**What you need to do**
Reproduce the listing below character for character; drop every image.

**Input records**

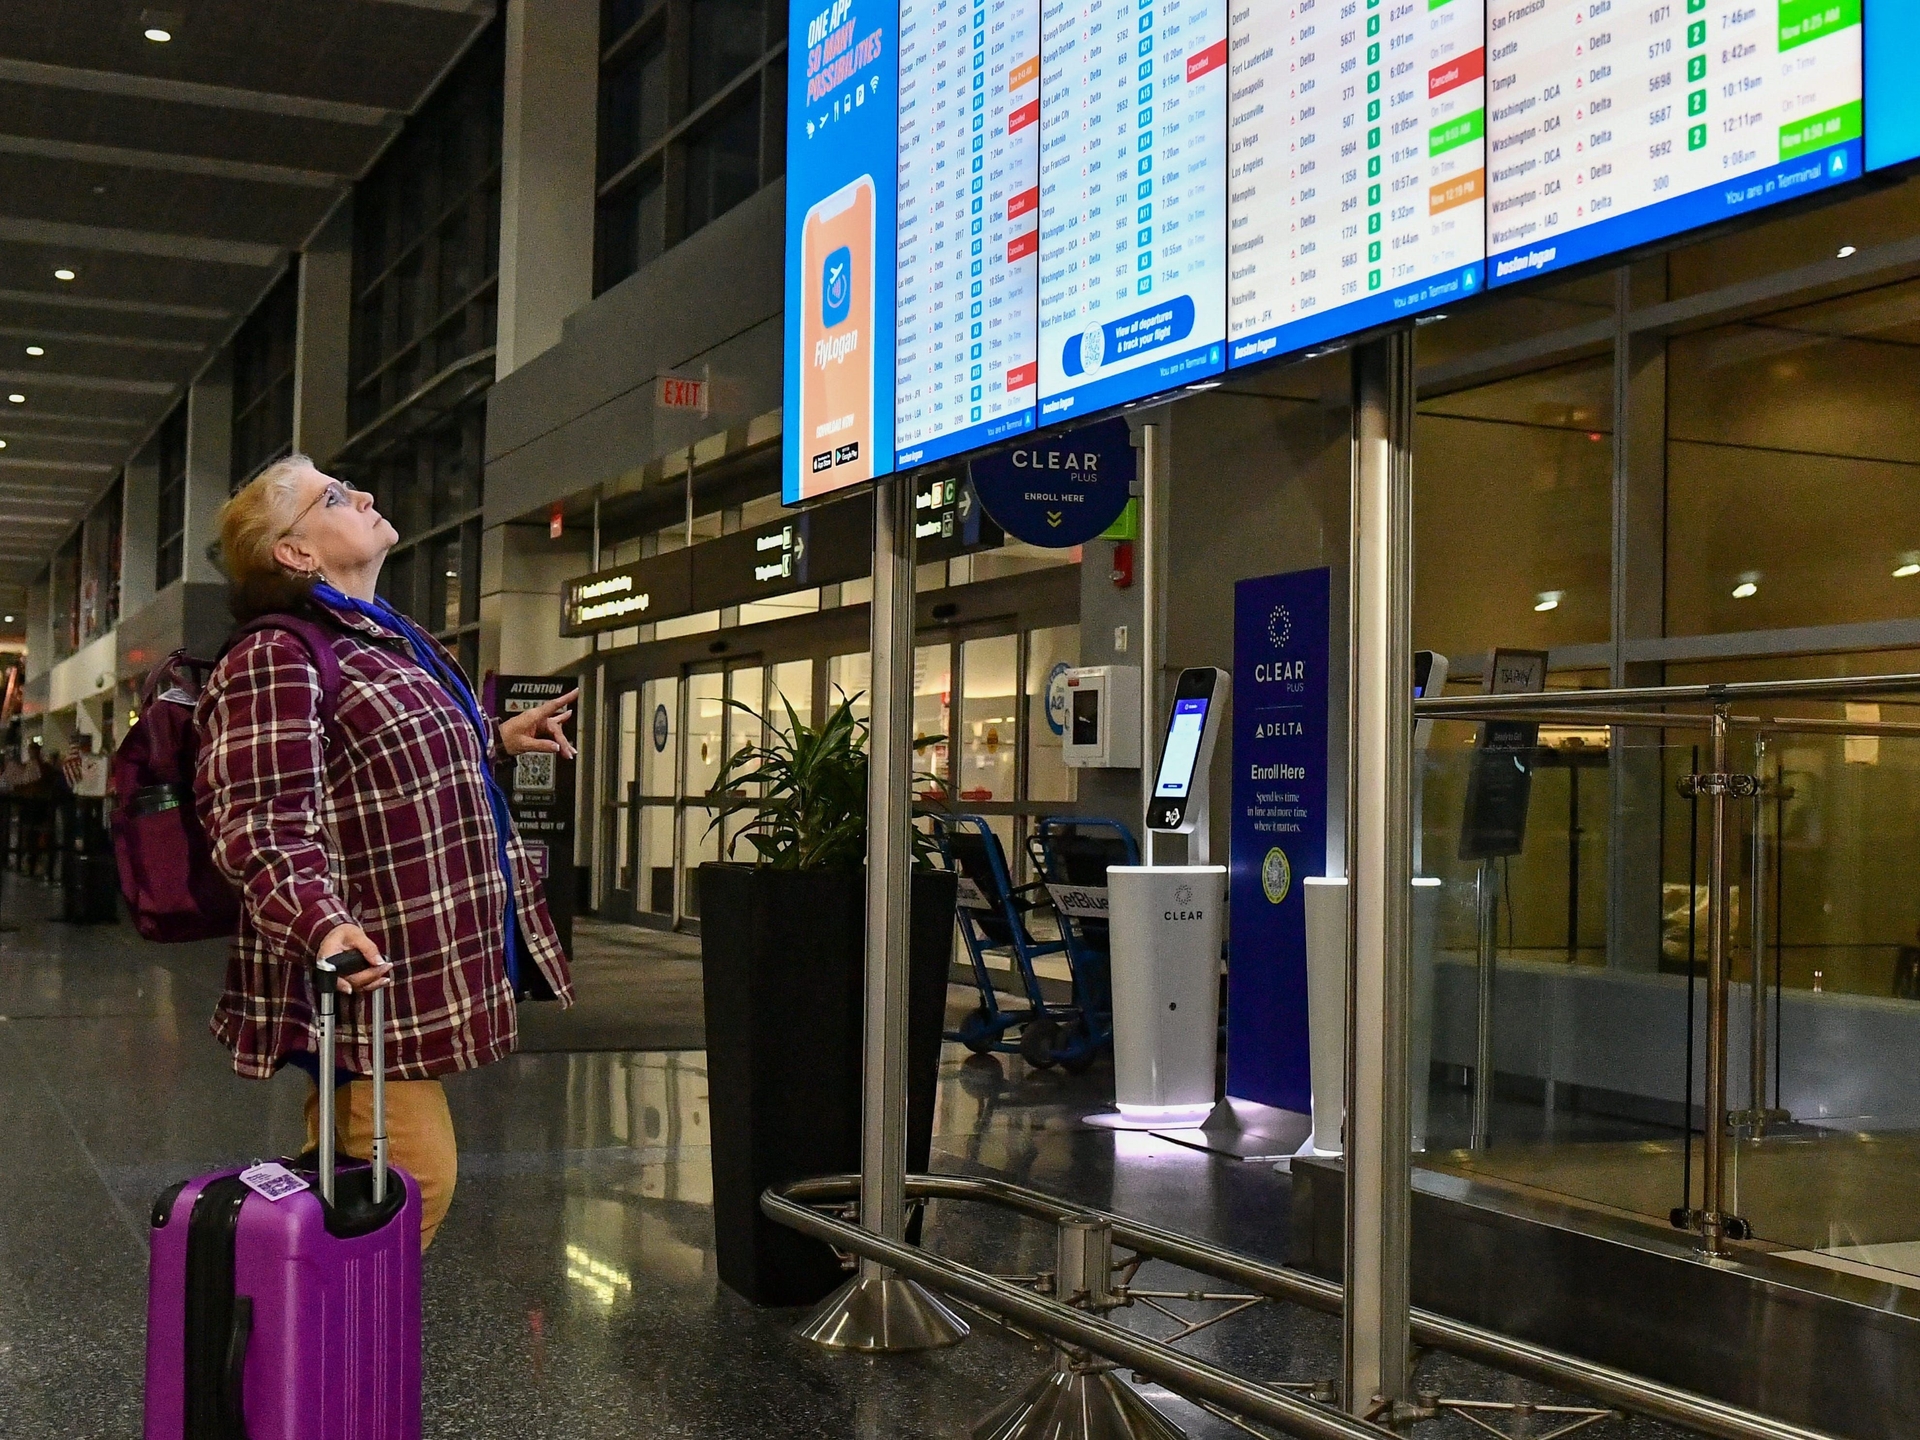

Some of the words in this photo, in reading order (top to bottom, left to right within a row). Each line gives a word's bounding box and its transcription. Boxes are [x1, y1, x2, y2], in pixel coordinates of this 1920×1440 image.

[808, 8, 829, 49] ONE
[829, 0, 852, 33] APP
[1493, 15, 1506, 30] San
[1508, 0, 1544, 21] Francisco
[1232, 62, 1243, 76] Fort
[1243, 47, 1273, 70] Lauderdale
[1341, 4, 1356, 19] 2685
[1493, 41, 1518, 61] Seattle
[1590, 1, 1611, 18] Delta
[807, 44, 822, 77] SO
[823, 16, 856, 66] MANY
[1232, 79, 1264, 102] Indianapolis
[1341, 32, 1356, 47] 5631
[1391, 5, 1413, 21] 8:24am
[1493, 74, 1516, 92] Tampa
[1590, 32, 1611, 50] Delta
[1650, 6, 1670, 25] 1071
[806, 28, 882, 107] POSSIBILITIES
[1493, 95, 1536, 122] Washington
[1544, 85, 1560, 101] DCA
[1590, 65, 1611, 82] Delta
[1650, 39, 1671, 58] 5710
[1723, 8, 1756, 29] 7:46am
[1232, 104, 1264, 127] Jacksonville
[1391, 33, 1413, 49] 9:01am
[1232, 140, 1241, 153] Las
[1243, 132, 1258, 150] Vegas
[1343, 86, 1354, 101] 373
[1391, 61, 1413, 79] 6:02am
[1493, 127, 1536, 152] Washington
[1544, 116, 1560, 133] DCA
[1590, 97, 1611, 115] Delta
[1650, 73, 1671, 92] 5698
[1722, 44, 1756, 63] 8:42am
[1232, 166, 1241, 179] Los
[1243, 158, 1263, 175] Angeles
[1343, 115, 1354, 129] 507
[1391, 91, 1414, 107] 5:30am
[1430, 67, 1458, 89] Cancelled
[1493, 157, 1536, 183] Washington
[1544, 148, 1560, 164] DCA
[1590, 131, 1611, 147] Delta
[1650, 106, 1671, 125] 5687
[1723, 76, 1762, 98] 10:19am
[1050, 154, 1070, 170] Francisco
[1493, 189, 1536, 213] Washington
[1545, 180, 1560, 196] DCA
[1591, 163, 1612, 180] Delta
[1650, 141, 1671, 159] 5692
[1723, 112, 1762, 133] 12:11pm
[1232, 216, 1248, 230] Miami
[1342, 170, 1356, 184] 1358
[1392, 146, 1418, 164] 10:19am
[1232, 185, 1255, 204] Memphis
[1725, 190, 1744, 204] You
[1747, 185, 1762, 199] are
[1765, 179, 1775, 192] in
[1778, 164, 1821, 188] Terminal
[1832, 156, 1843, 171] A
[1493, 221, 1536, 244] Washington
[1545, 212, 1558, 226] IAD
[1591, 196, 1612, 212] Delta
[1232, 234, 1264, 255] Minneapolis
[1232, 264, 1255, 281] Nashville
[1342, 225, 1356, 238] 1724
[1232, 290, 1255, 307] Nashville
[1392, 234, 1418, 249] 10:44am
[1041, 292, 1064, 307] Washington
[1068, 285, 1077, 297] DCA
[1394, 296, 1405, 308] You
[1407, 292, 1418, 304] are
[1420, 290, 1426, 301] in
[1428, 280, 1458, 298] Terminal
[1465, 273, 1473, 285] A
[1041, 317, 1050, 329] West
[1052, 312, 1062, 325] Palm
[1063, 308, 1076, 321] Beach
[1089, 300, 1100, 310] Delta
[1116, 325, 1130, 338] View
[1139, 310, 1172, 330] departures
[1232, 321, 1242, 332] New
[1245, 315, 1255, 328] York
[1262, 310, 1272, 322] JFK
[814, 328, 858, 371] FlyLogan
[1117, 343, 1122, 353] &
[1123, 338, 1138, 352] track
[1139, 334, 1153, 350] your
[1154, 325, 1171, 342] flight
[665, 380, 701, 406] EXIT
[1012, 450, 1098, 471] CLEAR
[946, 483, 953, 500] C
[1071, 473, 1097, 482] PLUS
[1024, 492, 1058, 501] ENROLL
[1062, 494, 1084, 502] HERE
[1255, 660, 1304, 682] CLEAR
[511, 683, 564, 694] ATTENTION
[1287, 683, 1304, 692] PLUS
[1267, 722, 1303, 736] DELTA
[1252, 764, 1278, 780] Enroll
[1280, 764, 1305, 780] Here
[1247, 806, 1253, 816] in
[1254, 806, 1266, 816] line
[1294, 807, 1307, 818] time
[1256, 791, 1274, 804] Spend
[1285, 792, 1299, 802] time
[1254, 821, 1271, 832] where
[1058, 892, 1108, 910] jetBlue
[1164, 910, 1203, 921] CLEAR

**Task output**
Some of the words in this photo, in reading order (top to bottom, left to right within a row). Each line gives a word's bounding box and its transcription. Boxes are [x1, y1, x2, y2], in pixel coordinates of this 1920×1440 image.

[808, 8, 829, 49] ONE
[829, 0, 852, 33] APP
[1493, 15, 1506, 30] San
[1508, 0, 1544, 21] Francisco
[1232, 62, 1243, 76] Fort
[1243, 47, 1273, 70] Lauderdale
[1341, 4, 1356, 19] 2685
[1493, 41, 1518, 61] Seattle
[1590, 1, 1611, 18] Delta
[807, 44, 822, 77] SO
[823, 16, 856, 66] MANY
[1232, 79, 1264, 102] Indianapolis
[1341, 32, 1356, 47] 5631
[1391, 5, 1413, 21] 8:24am
[1493, 74, 1516, 92] Tampa
[1590, 32, 1611, 50] Delta
[1650, 6, 1670, 25] 1071
[806, 28, 882, 107] POSSIBILITIES
[1493, 95, 1536, 122] Washington
[1544, 85, 1560, 101] DCA
[1590, 65, 1611, 82] Delta
[1650, 39, 1671, 58] 5710
[1723, 8, 1756, 29] 7:46am
[1232, 104, 1264, 127] Jacksonville
[1391, 33, 1413, 49] 9:01am
[1232, 140, 1241, 153] Las
[1243, 132, 1258, 150] Vegas
[1343, 86, 1354, 101] 373
[1391, 61, 1413, 79] 6:02am
[1493, 127, 1536, 152] Washington
[1544, 116, 1560, 133] DCA
[1590, 97, 1611, 115] Delta
[1650, 73, 1671, 92] 5698
[1722, 44, 1756, 63] 8:42am
[1232, 166, 1241, 179] Los
[1243, 158, 1263, 175] Angeles
[1343, 115, 1354, 129] 507
[1391, 91, 1414, 107] 5:30am
[1430, 67, 1458, 89] Cancelled
[1493, 157, 1536, 183] Washington
[1544, 148, 1560, 164] DCA
[1590, 131, 1611, 147] Delta
[1650, 106, 1671, 125] 5687
[1723, 76, 1762, 98] 10:19am
[1050, 154, 1070, 170] Francisco
[1493, 189, 1536, 213] Washington
[1545, 180, 1560, 196] DCA
[1591, 163, 1612, 180] Delta
[1650, 141, 1671, 159] 5692
[1723, 112, 1762, 133] 12:11pm
[1232, 216, 1248, 230] Miami
[1342, 170, 1356, 184] 1358
[1392, 146, 1418, 164] 10:19am
[1232, 185, 1255, 204] Memphis
[1725, 190, 1744, 204] You
[1747, 185, 1762, 199] are
[1765, 179, 1775, 192] in
[1778, 164, 1821, 188] Terminal
[1832, 156, 1843, 171] A
[1493, 221, 1536, 244] Washington
[1545, 212, 1558, 226] IAD
[1591, 196, 1612, 212] Delta
[1232, 234, 1264, 255] Minneapolis
[1232, 264, 1255, 281] Nashville
[1342, 225, 1356, 238] 1724
[1232, 290, 1255, 307] Nashville
[1392, 234, 1418, 249] 10:44am
[1041, 292, 1064, 307] Washington
[1068, 285, 1077, 297] DCA
[1394, 296, 1405, 308] You
[1407, 292, 1418, 304] are
[1420, 290, 1426, 301] in
[1428, 280, 1458, 298] Terminal
[1465, 273, 1473, 285] A
[1041, 317, 1050, 329] West
[1052, 312, 1062, 325] Palm
[1063, 308, 1076, 321] Beach
[1089, 300, 1100, 310] Delta
[1116, 325, 1130, 338] View
[1139, 310, 1172, 330] departures
[1232, 321, 1242, 332] New
[1245, 315, 1255, 328] York
[1262, 310, 1272, 322] JFK
[814, 328, 858, 371] FlyLogan
[1117, 343, 1122, 353] &
[1123, 338, 1138, 352] track
[1139, 334, 1153, 350] your
[1154, 325, 1171, 342] flight
[665, 380, 701, 406] EXIT
[1012, 450, 1098, 471] CLEAR
[946, 483, 953, 500] C
[1071, 473, 1097, 482] PLUS
[1024, 492, 1058, 501] ENROLL
[1062, 494, 1084, 502] HERE
[1255, 660, 1304, 682] CLEAR
[511, 683, 564, 694] ATTENTION
[1287, 683, 1304, 692] PLUS
[1267, 722, 1303, 736] DELTA
[1252, 764, 1278, 780] Enroll
[1280, 764, 1305, 780] Here
[1247, 806, 1253, 816] in
[1254, 806, 1266, 816] line
[1294, 807, 1307, 818] time
[1256, 791, 1274, 804] Spend
[1285, 792, 1299, 802] time
[1254, 821, 1271, 832] where
[1058, 892, 1108, 910] jetBlue
[1164, 910, 1203, 921] CLEAR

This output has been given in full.